■ **What you will do**: Will you output the entries below exactly, skipping every image they contain?
━━━━━━━━━━━━━━━━━━━━
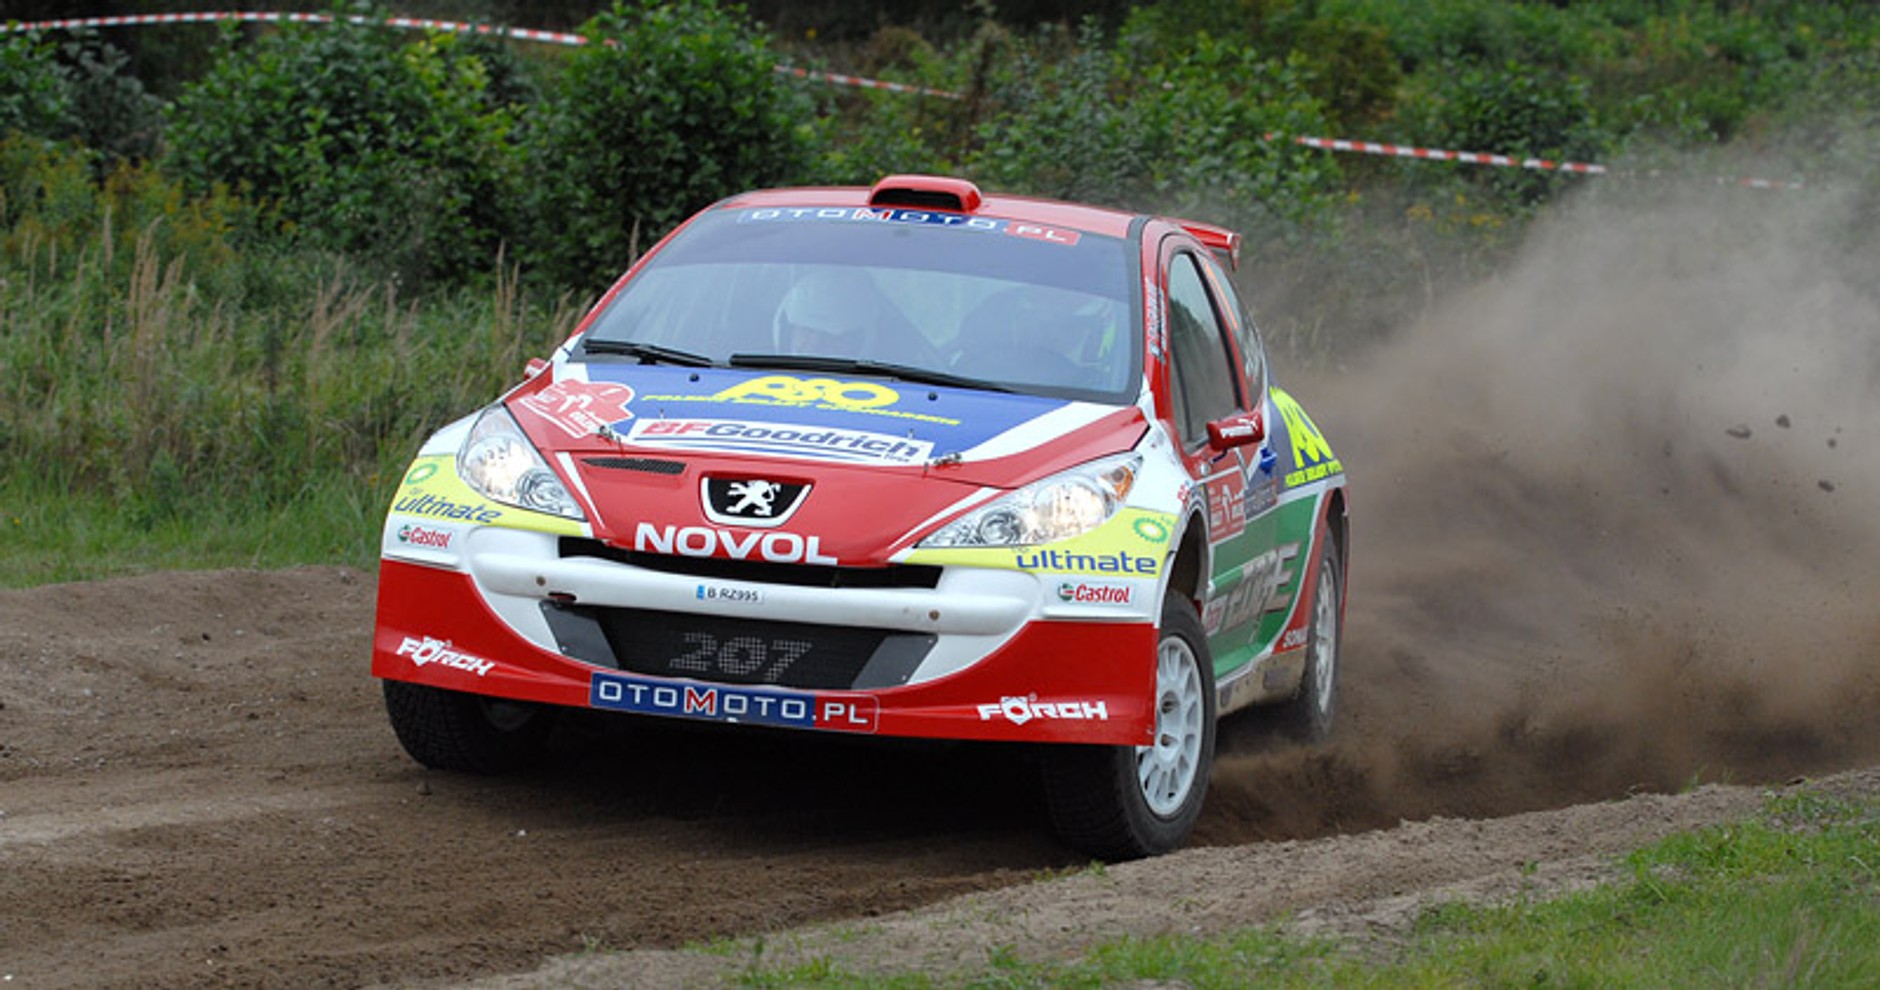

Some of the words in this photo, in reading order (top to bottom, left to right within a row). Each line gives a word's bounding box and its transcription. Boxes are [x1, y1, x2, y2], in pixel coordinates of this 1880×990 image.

[641, 422, 919, 457] BFGoodrich
[395, 494, 502, 523] ultimate
[410, 527, 452, 548] Castrol
[635, 522, 837, 565] NOVOL
[1017, 550, 1157, 574] ultimate
[1075, 583, 1130, 603] Castrol
[671, 632, 812, 681] 207
[599, 681, 868, 725] OTOMOTO.PL
━━━━━━━━━━━━━━━━━━━━
■ **Result of this task**:
Some of the words in this photo, in reading order (top to bottom, left to right within a row). Each line gives a word's bounding box and its transcription. Boxes are [x1, y1, x2, y2], in pixel coordinates of this 1880×990 image.

[641, 422, 919, 457] BFGoodrich
[395, 494, 502, 523] ultimate
[410, 527, 452, 548] Castrol
[635, 522, 837, 565] NOVOL
[1017, 550, 1157, 574] ultimate
[1075, 583, 1130, 603] Castrol
[671, 632, 812, 681] 207
[599, 681, 868, 725] OTOMOTO.PL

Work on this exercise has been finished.